Problem
Among the entries below, find each line holding "RESOURCES" and return it.

Records for processing
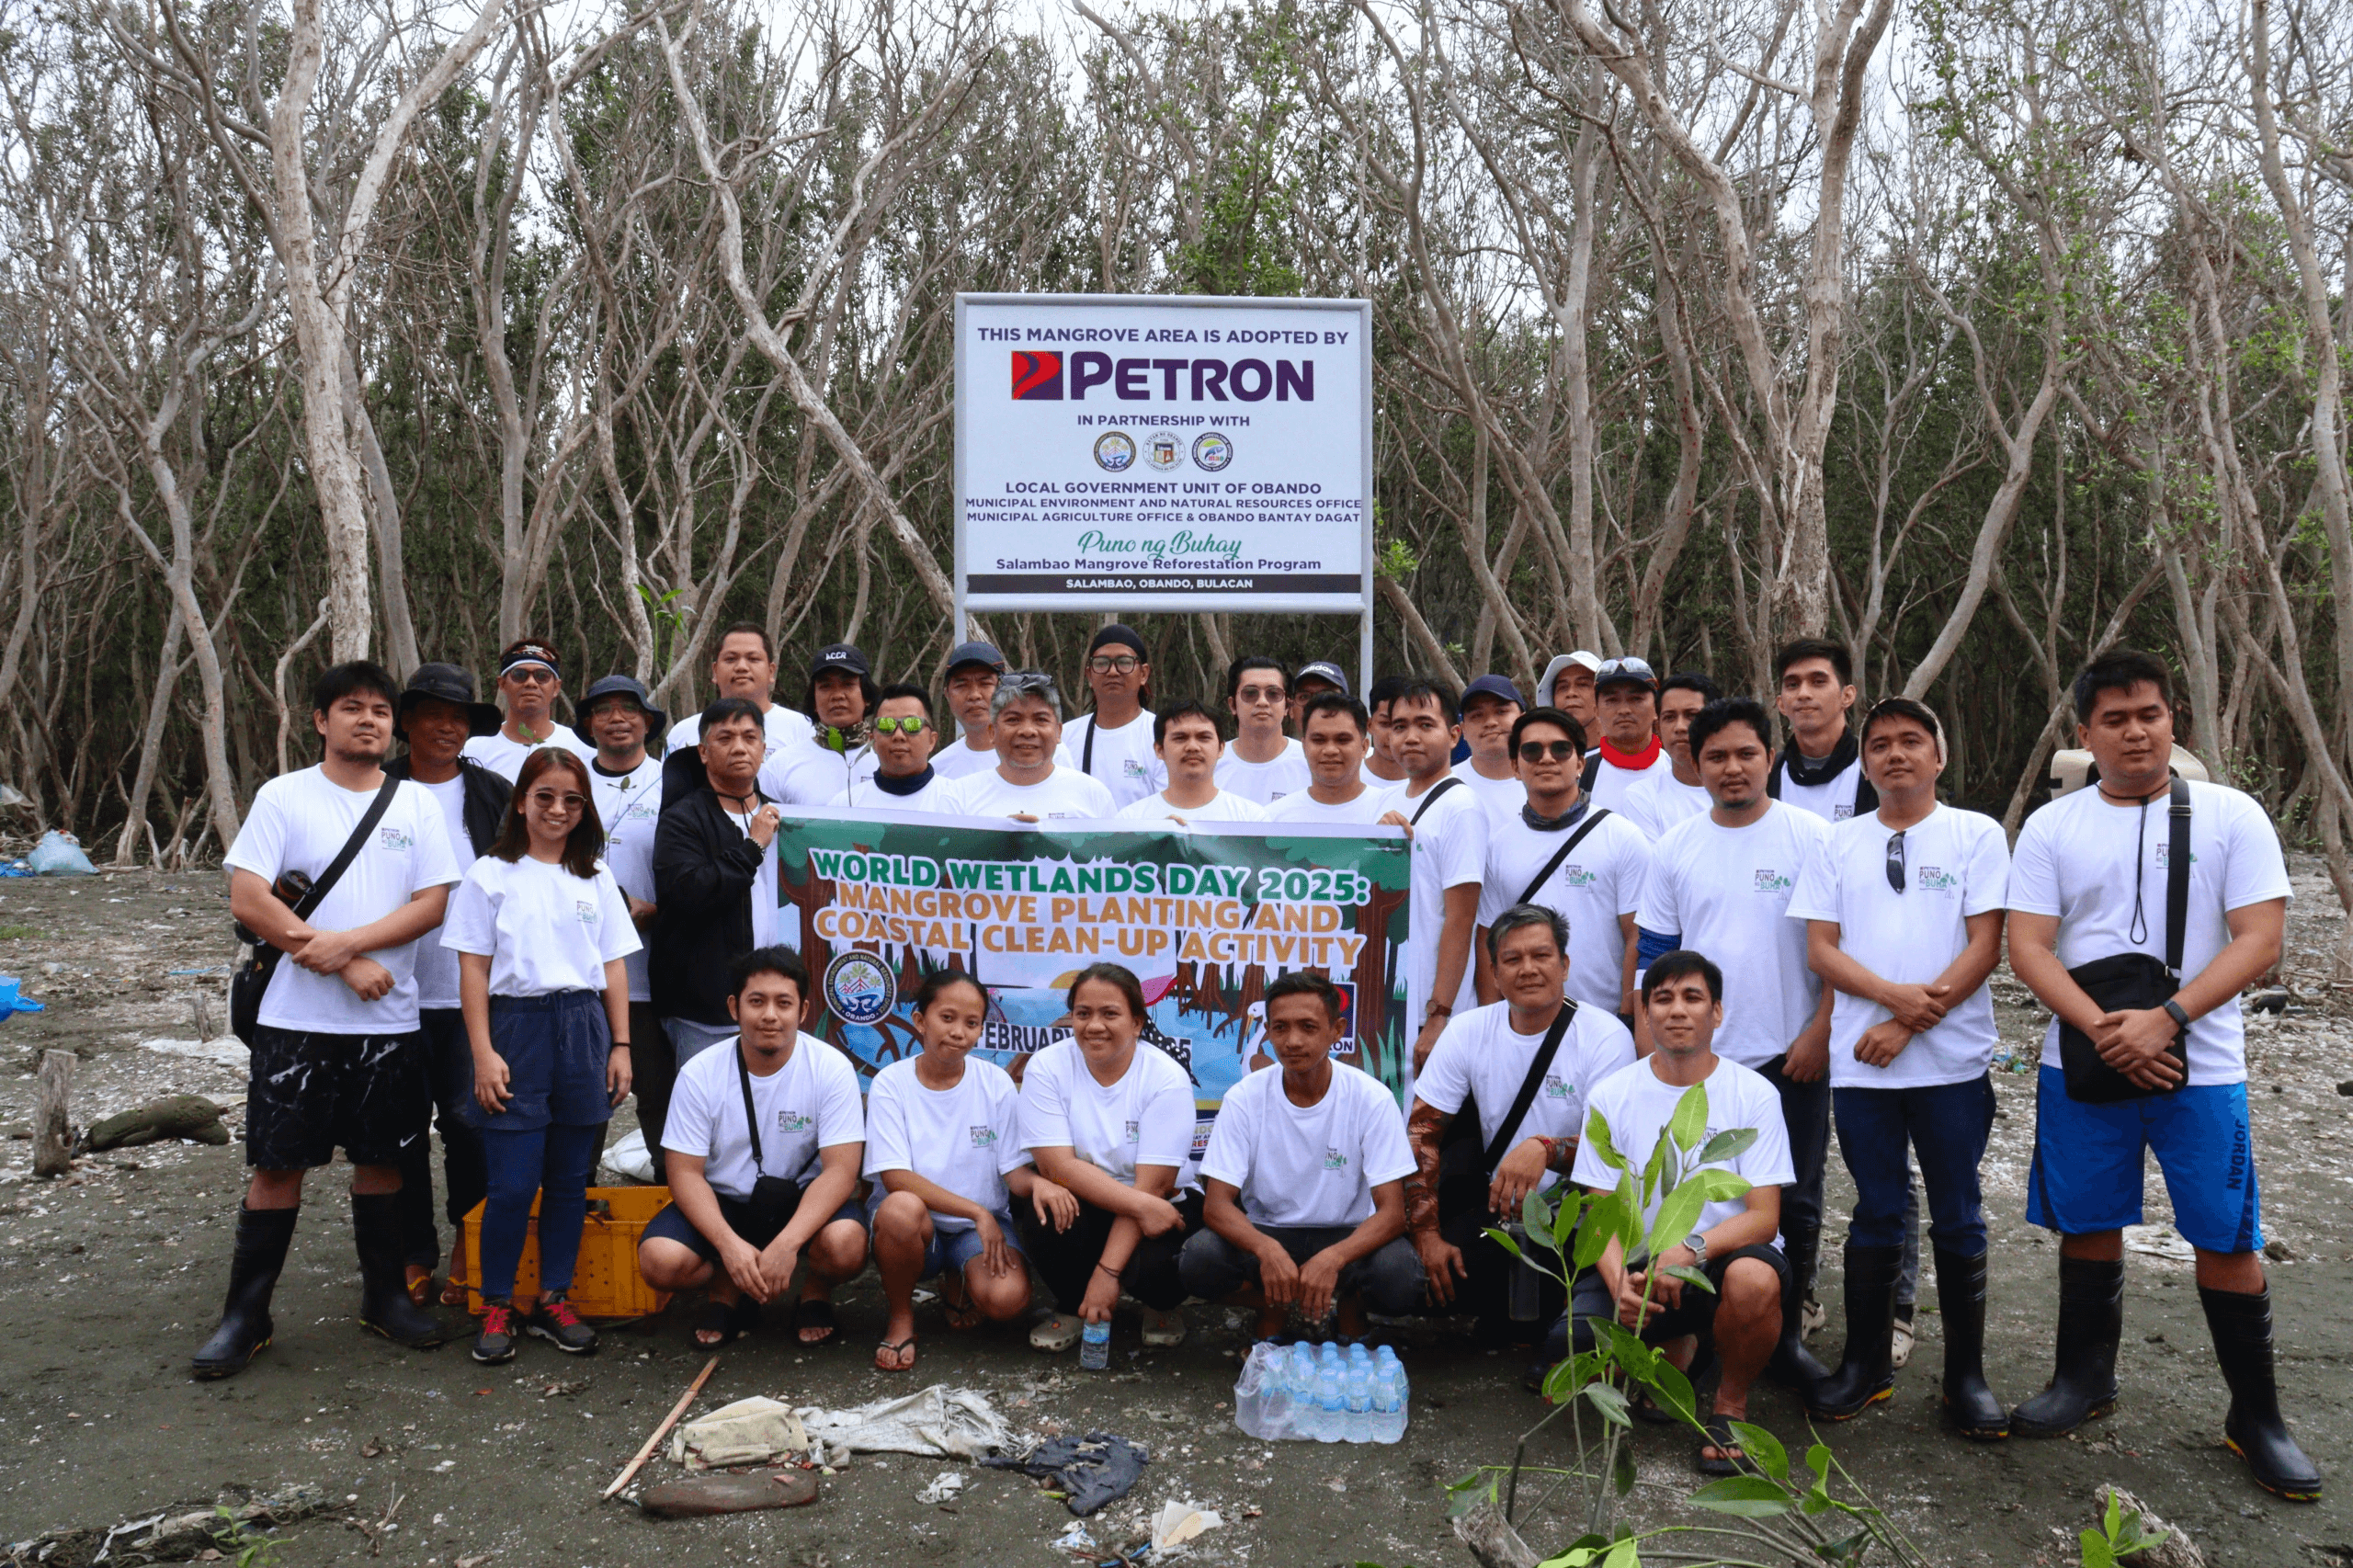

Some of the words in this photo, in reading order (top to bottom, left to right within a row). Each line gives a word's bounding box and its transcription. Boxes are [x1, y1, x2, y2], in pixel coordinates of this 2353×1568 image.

[977, 327, 1021, 342] THIS
[1027, 327, 1140, 342] MANGROVE
[1144, 328, 1198, 343] AREA
[1203, 329, 1222, 343] IS
[1225, 329, 1319, 345] ADOPTED
[1324, 331, 1349, 345] BY
[1070, 350, 1314, 403] PETRON
[1077, 415, 1093, 426] IN
[1097, 415, 1205, 426] PARTNERSHIP
[1209, 415, 1250, 426] WITH
[1006, 482, 1061, 494] LOCAL
[1064, 482, 1178, 494] GOVERNMENT
[1182, 483, 1221, 494] UNIT
[1224, 483, 1247, 494] OF
[1251, 483, 1322, 494] OBANDO
[965, 498, 1037, 508] MUNICIPAL
[1040, 498, 1136, 508] ENVIRONMENT
[1139, 498, 1167, 508] AND
[1170, 498, 1233, 508] NATURAL
[1235, 498, 1313, 508] RESOURCES
[1315, 499, 1362, 509] OFFICE
[967, 512, 1039, 522] MUNICIPAL
[1041, 512, 1133, 522] AGRICULTURE
[1136, 512, 1183, 522] OFFICE
[1186, 512, 1195, 522] &
[1198, 512, 1255, 522] OBANDO
[1258, 513, 1312, 522] BANTAY
[1315, 513, 1360, 523] DAGAT
[1077, 529, 1137, 554] Puno
[1141, 539, 1166, 562] ng
[1168, 529, 1243, 562] Buhay
[996, 558, 1071, 570] Salambao
[1075, 559, 1149, 571] Mangrove
[1154, 559, 1253, 569] Reforestation
[1257, 558, 1322, 572] Program
[1065, 578, 1137, 590] SALAMBAO,
[1138, 578, 1194, 590] OBANDO,
[1196, 578, 1254, 589] BULACAN
[1834, 809, 1852, 817] PUNO
[381, 831, 401, 840] PUNO
[813, 850, 938, 888] WORLD
[949, 861, 1156, 894] WETLANDS
[1169, 866, 1246, 897] DAY
[1260, 870, 1369, 903] 2025:
[1565, 869, 1582, 877] PUNO
[1755, 873, 1775, 881] PUNO
[1919, 870, 1940, 880] PUNO
[576, 903, 594, 914] PUNO
[838, 882, 1038, 923] MANGROVE
[1051, 896, 1240, 929] PLANTING
[1253, 903, 1339, 933] AND
[816, 910, 970, 950] COASTAL
[982, 925, 1168, 957] CLEAN-UP
[1180, 932, 1363, 966] ACTIVITY
[860, 954, 881, 968] NATURAL
[828, 956, 848, 985] ENVIRONMENT
[880, 966, 892, 998] RESOURCES
[829, 984, 843, 1011] MUNICIPAL
[845, 1011, 876, 1021] OBANDO
[778, 1115, 797, 1123] PUNO
[971, 1130, 990, 1139] PUNO
[2226, 1119, 2246, 1190] JORDAN
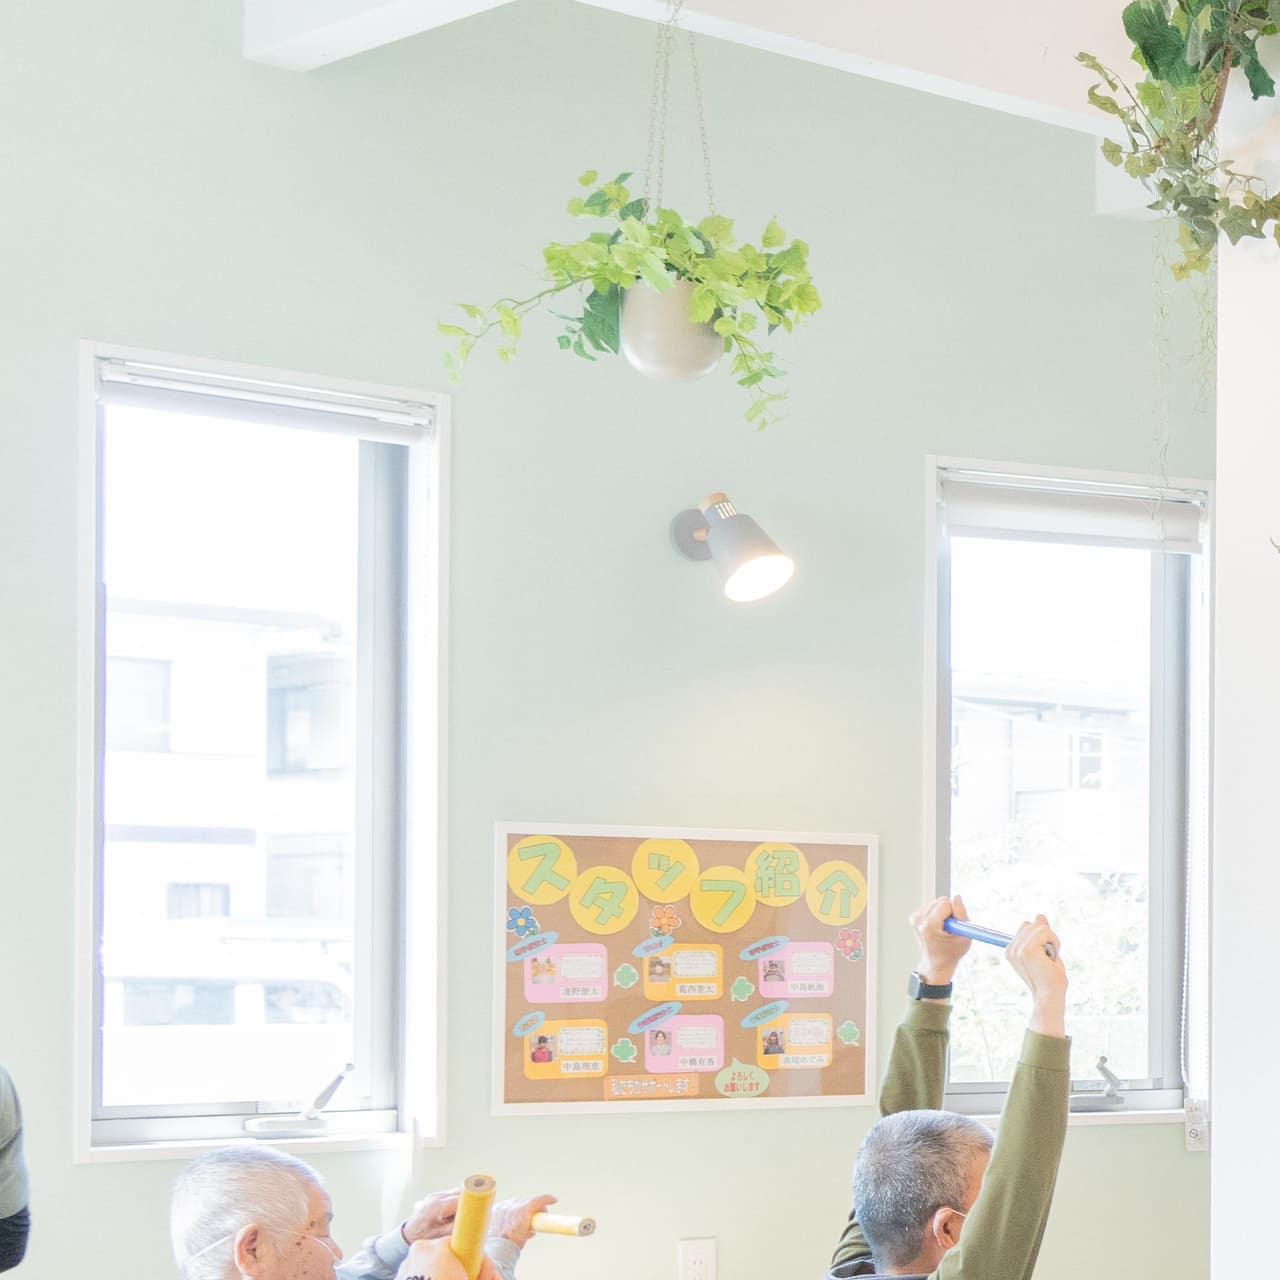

Finished task
[1235, 498, 1313, 508] RESOURCES
[880, 966, 892, 998] RESOURCES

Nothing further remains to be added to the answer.